=== Section Start ===

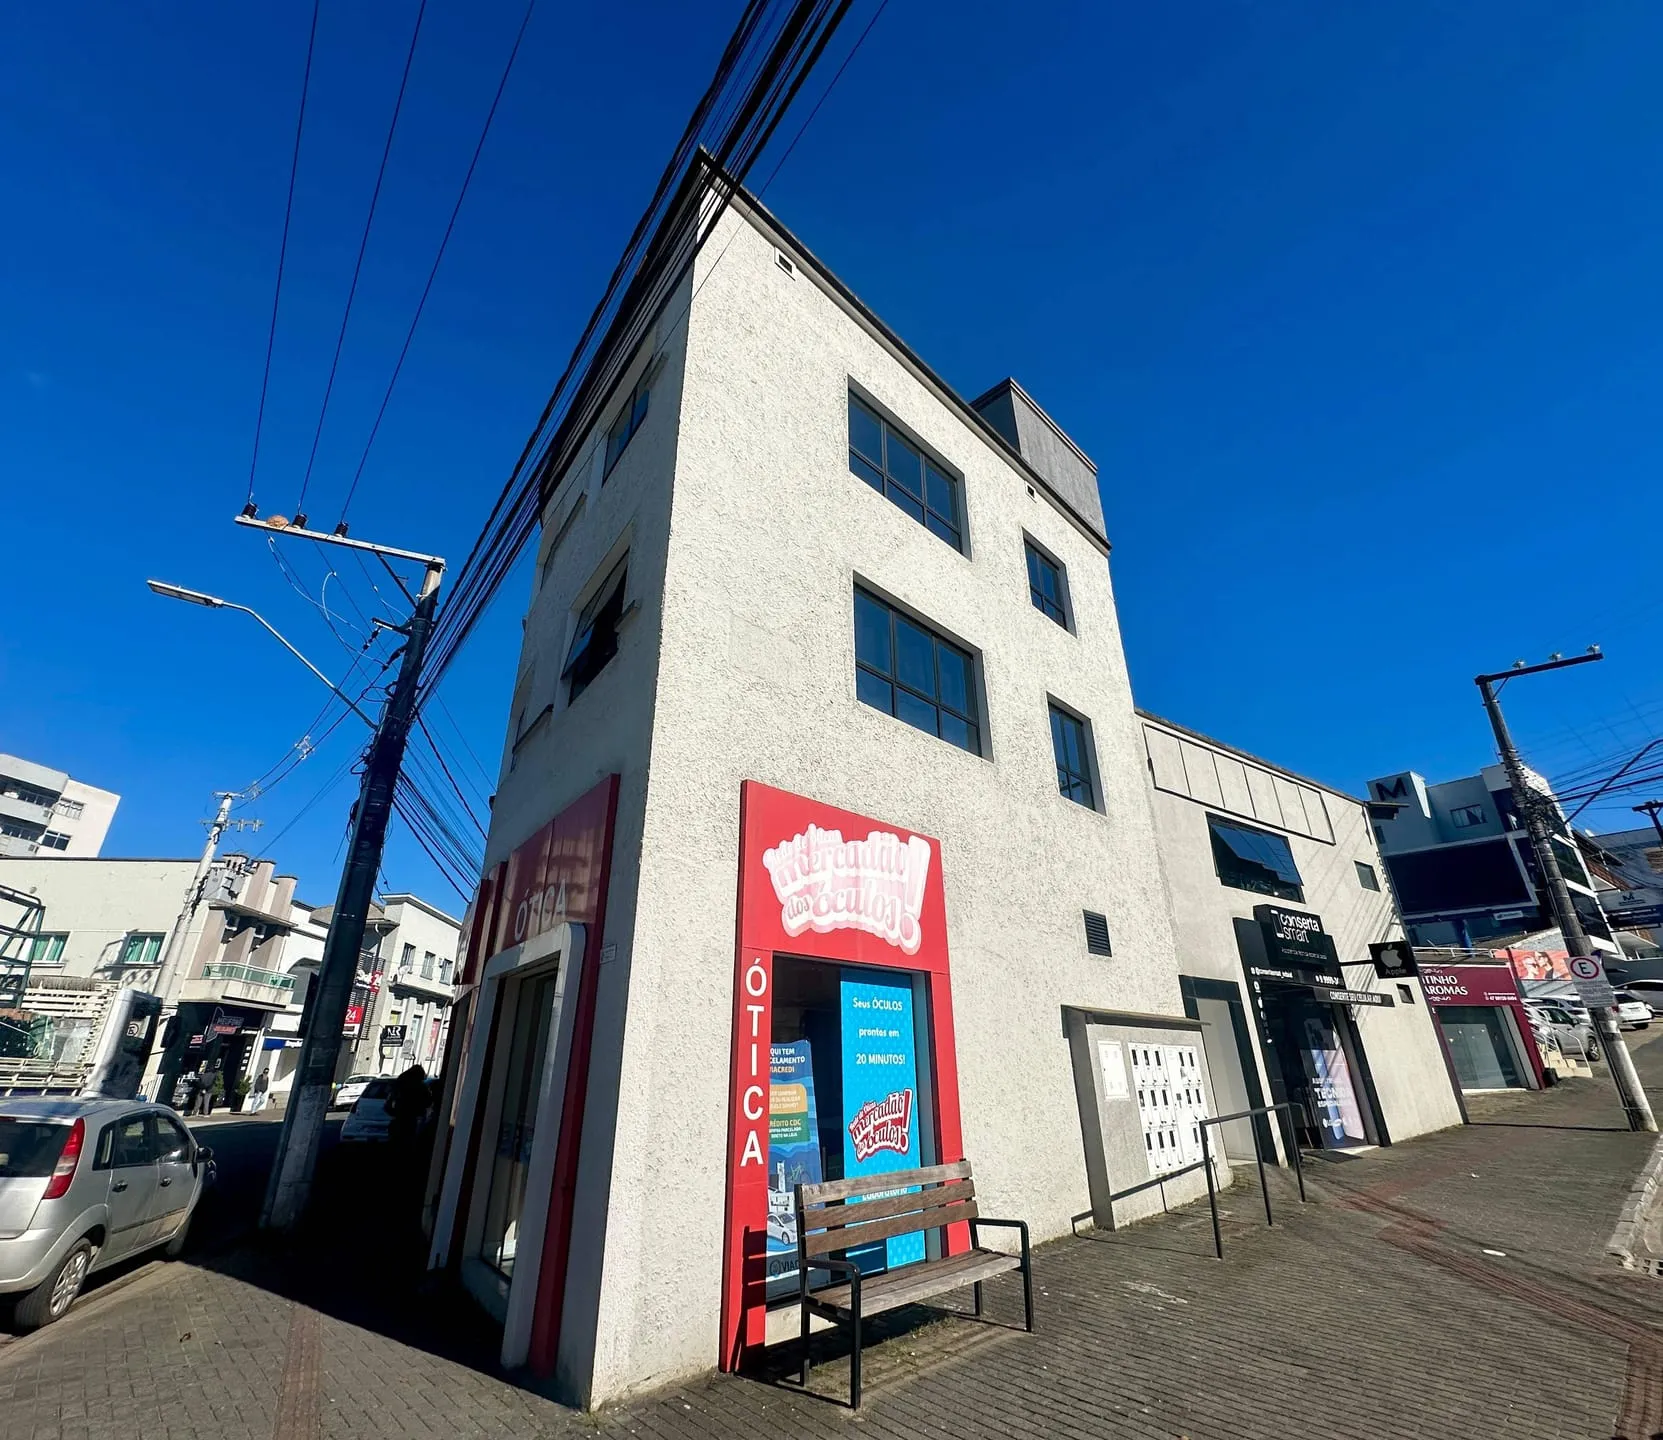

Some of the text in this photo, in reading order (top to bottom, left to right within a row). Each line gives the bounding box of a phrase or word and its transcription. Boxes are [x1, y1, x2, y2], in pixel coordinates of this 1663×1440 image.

[1376, 777, 1408, 802] M
[515, 879, 567, 942] ÓTICA
[1280, 914, 1320, 932] conserta
[1284, 927, 1309, 943] smart
[1385, 967, 1407, 976] Apple
[1578, 962, 1591, 975] E
[853, 996, 903, 1011] Seus ÓCULOS
[740, 957, 767, 1167] ÓTICA
[856, 1053, 906, 1065] 20 MINUTOS!

=== Section End ===

# EXERCISE DIRECTIONS
Give back the full listing exactly, with pictures dropped.

# TASK ANSWER
Some of the text in this photo, in reading order (top to bottom, left to right within a row). Each line gives the bounding box of a phrase or word and its transcription. Boxes are [x1, y1, x2, y2], in pixel coordinates of this 1663×1440 image.

[1376, 777, 1408, 802] M
[515, 879, 567, 942] ÓTICA
[1280, 914, 1320, 932] conserta
[1284, 927, 1309, 943] smart
[1385, 967, 1407, 976] Apple
[1578, 962, 1591, 975] E
[853, 996, 903, 1011] Seus ÓCULOS
[740, 957, 767, 1167] ÓTICA
[856, 1053, 906, 1065] 20 MINUTOS!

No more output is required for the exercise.